> Information given
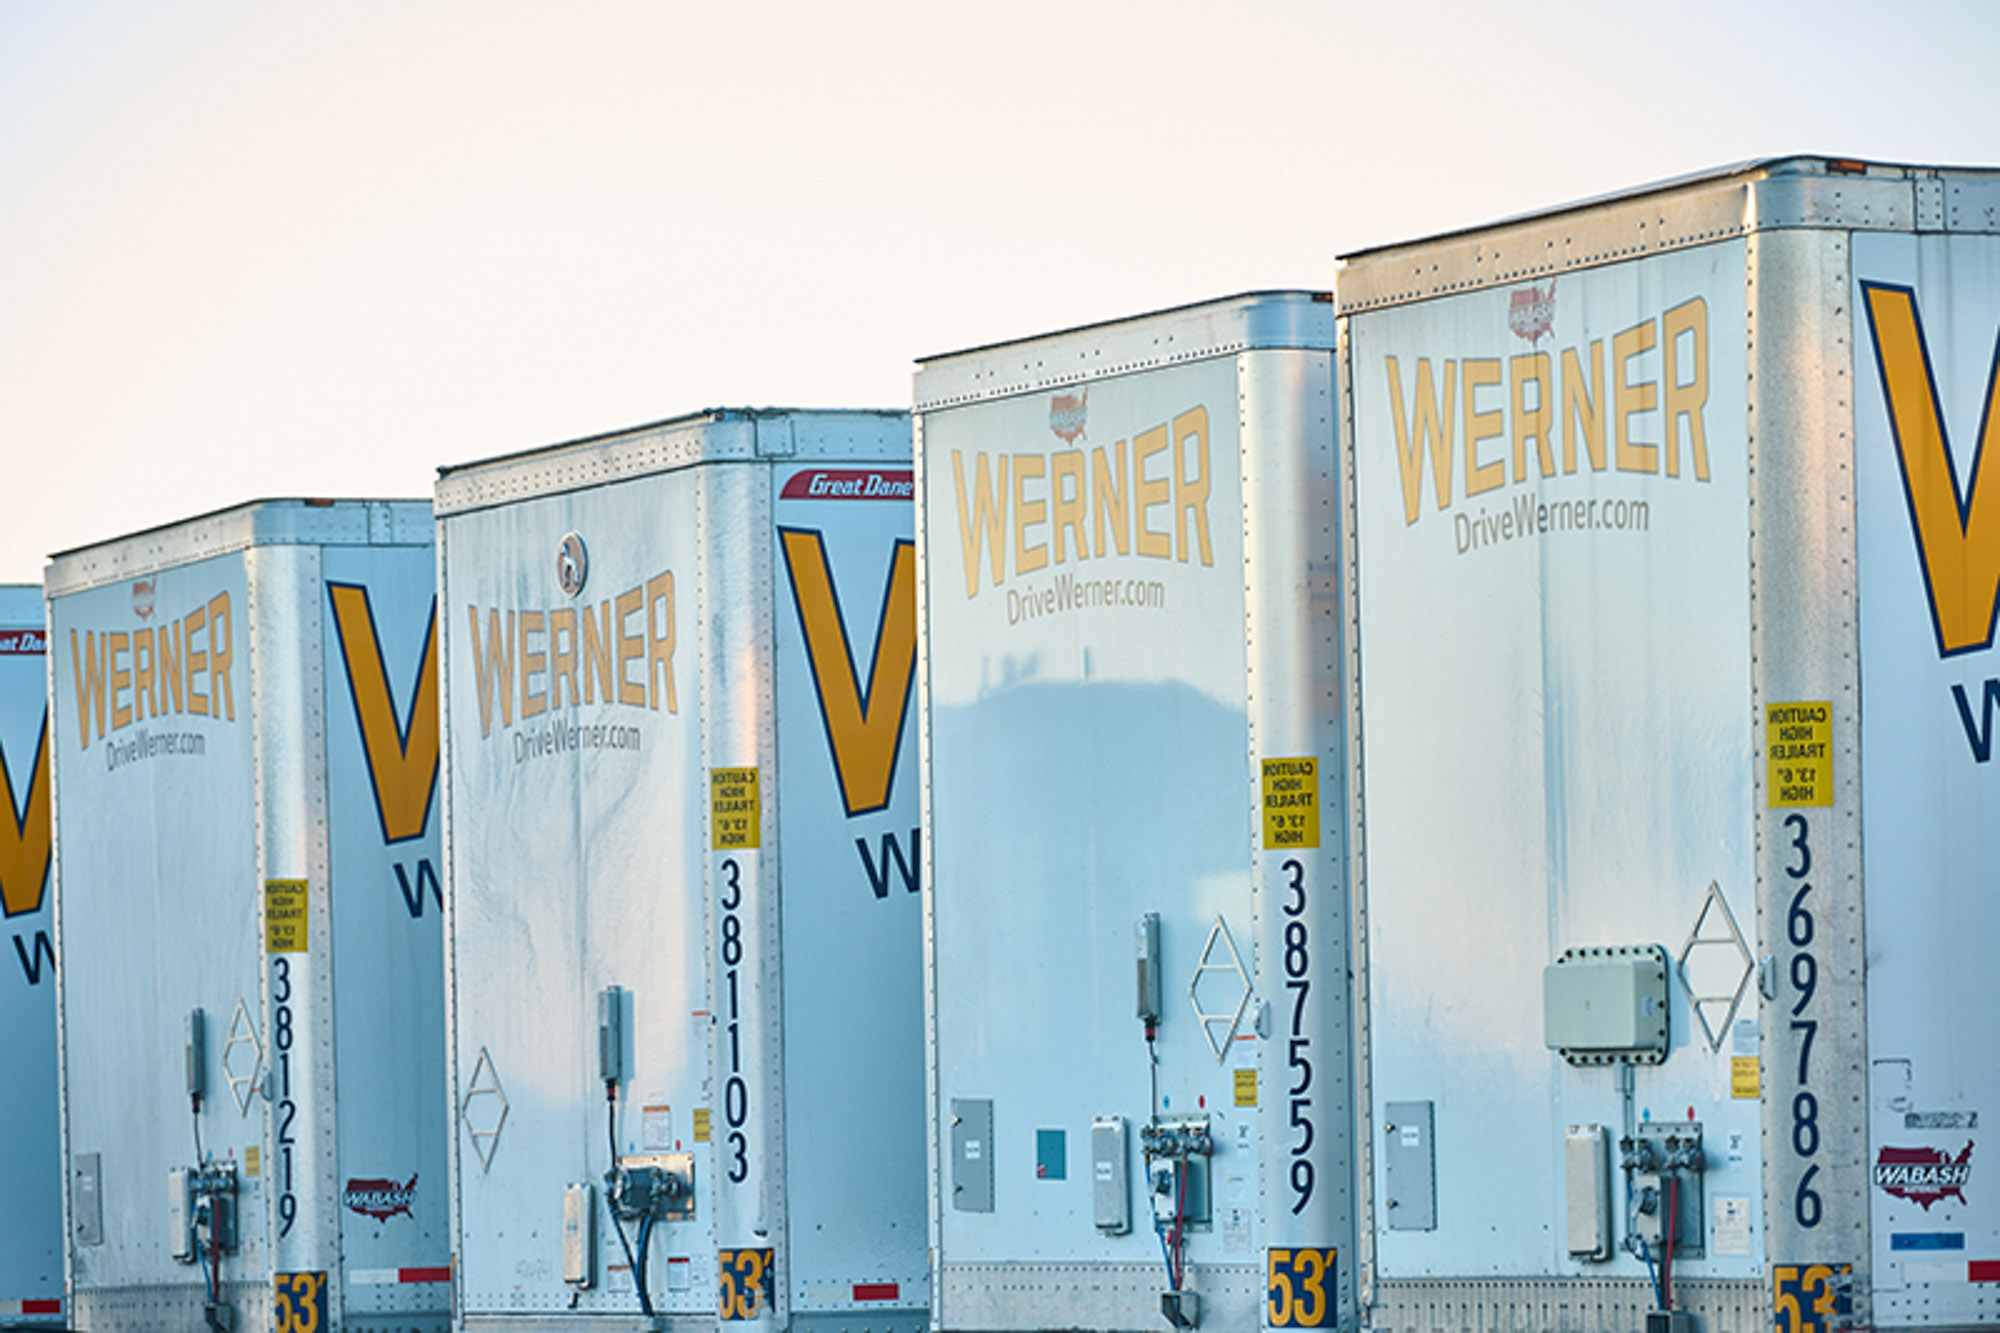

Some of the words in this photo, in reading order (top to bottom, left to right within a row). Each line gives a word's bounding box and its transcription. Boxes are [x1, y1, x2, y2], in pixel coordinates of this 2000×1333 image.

[809, 473, 863, 495] Great
[863, 474, 914, 496] Dane
[1386, 295, 1711, 526] WERNER
[951, 404, 1213, 600] WERNER
[1454, 493, 1649, 555] DriveWerner.com
[70, 590, 235, 751] WERNER
[468, 570, 678, 740] WERNER
[1006, 574, 1165, 626] DriveWerner.com
[107, 730, 205, 772] DriveWerner.com
[514, 720, 641, 763] DriveWerner.com
[273, 956, 296, 1238] 381219
[721, 858, 749, 1184] 381103
[1281, 859, 1315, 1215] 387559
[1783, 812, 1824, 1228] 369786
[1875, 1165, 1969, 1186] WABASH
[1268, 1248, 1338, 1327] 53'
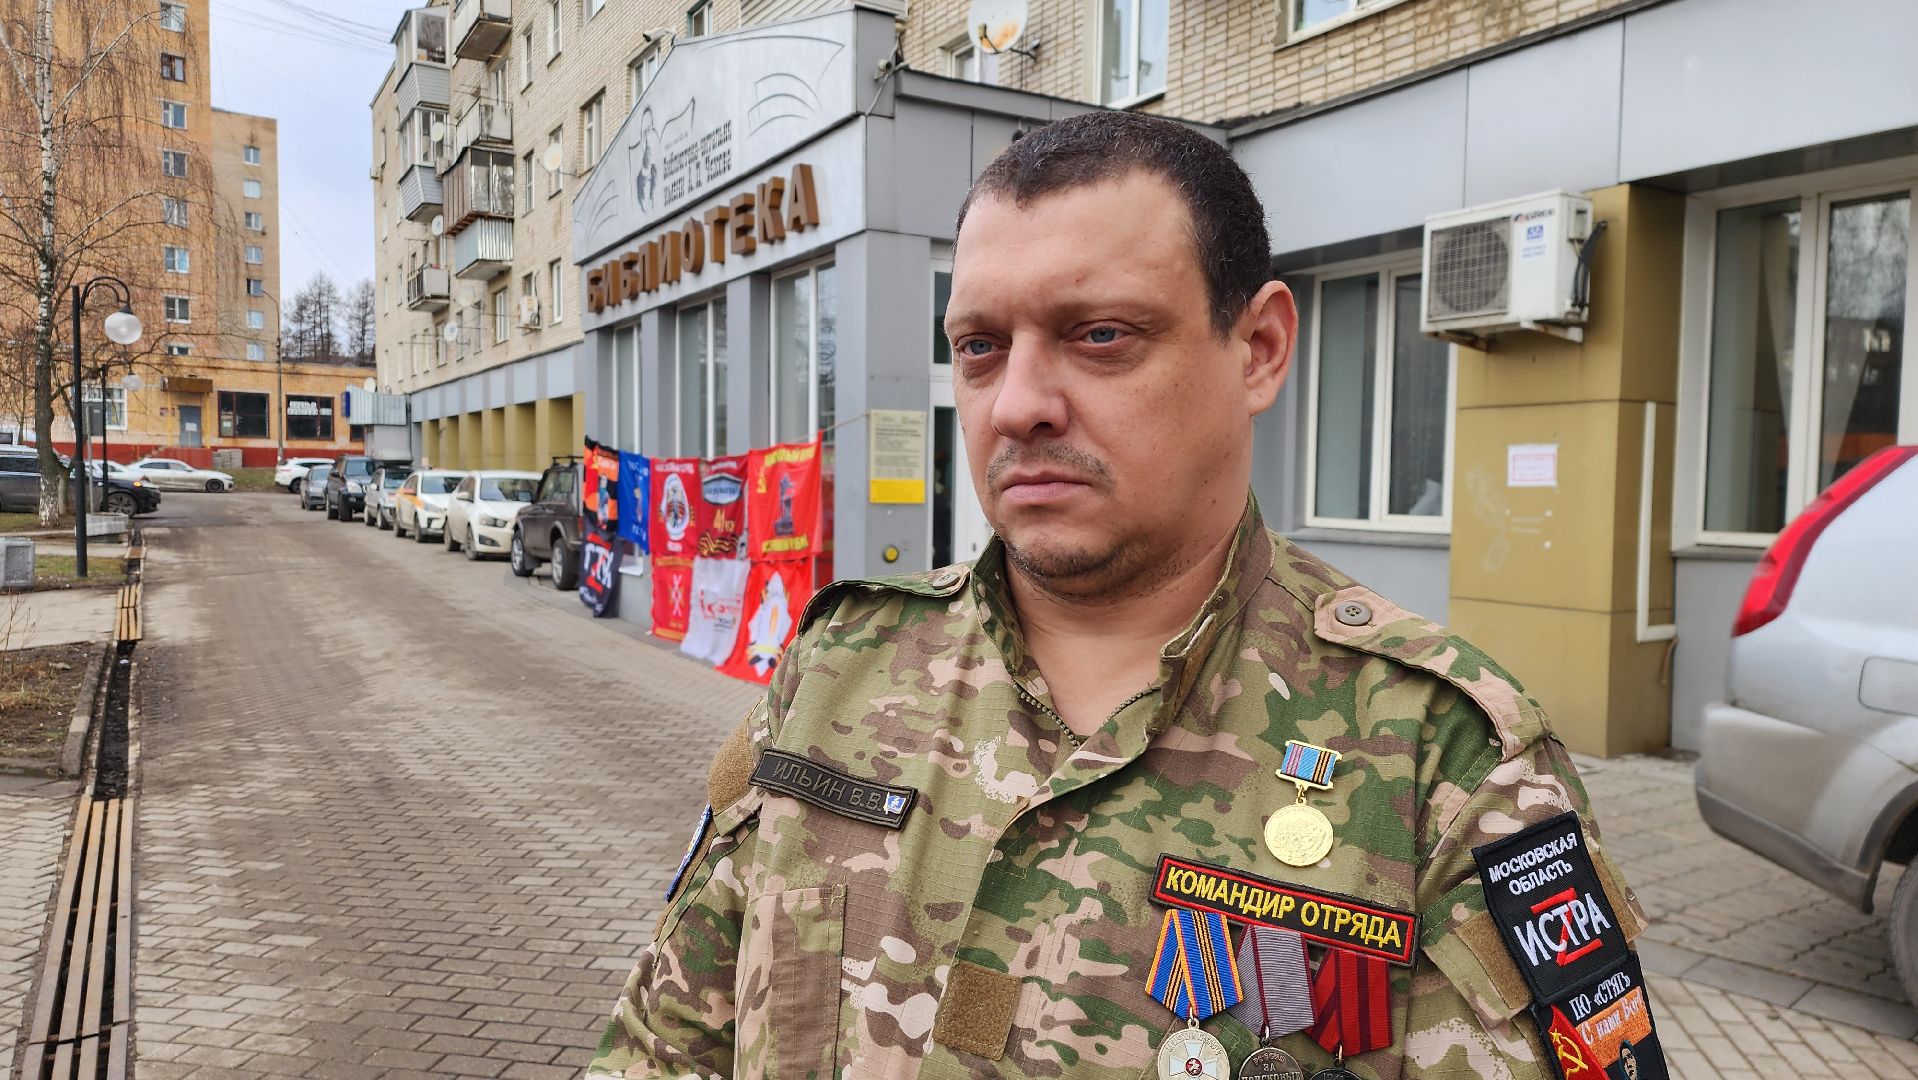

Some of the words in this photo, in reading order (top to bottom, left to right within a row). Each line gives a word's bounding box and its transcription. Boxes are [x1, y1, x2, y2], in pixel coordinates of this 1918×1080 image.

[587, 163, 820, 313] БИБЛИОТЕКА
[771, 761, 848, 802] ИЛЬИН
[1488, 832, 1578, 884] МОСКОВСКАЯ
[1508, 859, 1574, 896] ОБЛАСТЬ
[1165, 866, 1296, 919] КОМАНДИР
[1300, 901, 1402, 948] ОТРЯДА
[1513, 892, 1611, 967] ИСТРА
[1568, 993, 1591, 1021] ПО
[1580, 1021, 1594, 1046] С
[1263, 1062, 1277, 1072] ЗА

> Task details
Transcribe every line of the records exactly. Pictures do not belong in the copy.

> Solution to this exercise
Some of the words in this photo, in reading order (top to bottom, left to right within a row). Each line gives a word's bounding box and its transcription. Boxes are [x1, y1, x2, y2], in pixel coordinates of this 2000×1333 image.

[809, 473, 863, 495] Great
[863, 474, 914, 496] Dane
[1386, 295, 1711, 526] WERNER
[951, 404, 1213, 600] WERNER
[1454, 493, 1649, 555] DriveWerner.com
[70, 590, 235, 751] WERNER
[468, 570, 678, 740] WERNER
[1006, 574, 1165, 626] DriveWerner.com
[107, 730, 205, 772] DriveWerner.com
[514, 720, 641, 763] DriveWerner.com
[273, 956, 296, 1238] 381219
[721, 858, 749, 1184] 381103
[1281, 859, 1315, 1215] 387559
[1783, 812, 1824, 1228] 369786
[1875, 1165, 1969, 1186] WABASH
[1268, 1248, 1338, 1327] 53'

Some of the words in this photo, in reading order (top to bottom, left to right within a row). Each line gives a word's bounding box and its transcription. Boxes are [x1, y1, x2, y2], in pixel coordinates of this 1918×1080 image.

[587, 163, 820, 313] БИБЛИОТЕКА
[771, 761, 848, 802] ИЛЬИН
[1488, 832, 1578, 884] МОСКОВСКАЯ
[1508, 859, 1574, 896] ОБЛАСТЬ
[1165, 866, 1296, 919] КОМАНДИР
[1300, 901, 1402, 948] ОТРЯДА
[1513, 892, 1611, 967] ИСТРА
[1568, 993, 1591, 1021] ПО
[1580, 1021, 1594, 1046] С
[1263, 1062, 1277, 1072] ЗА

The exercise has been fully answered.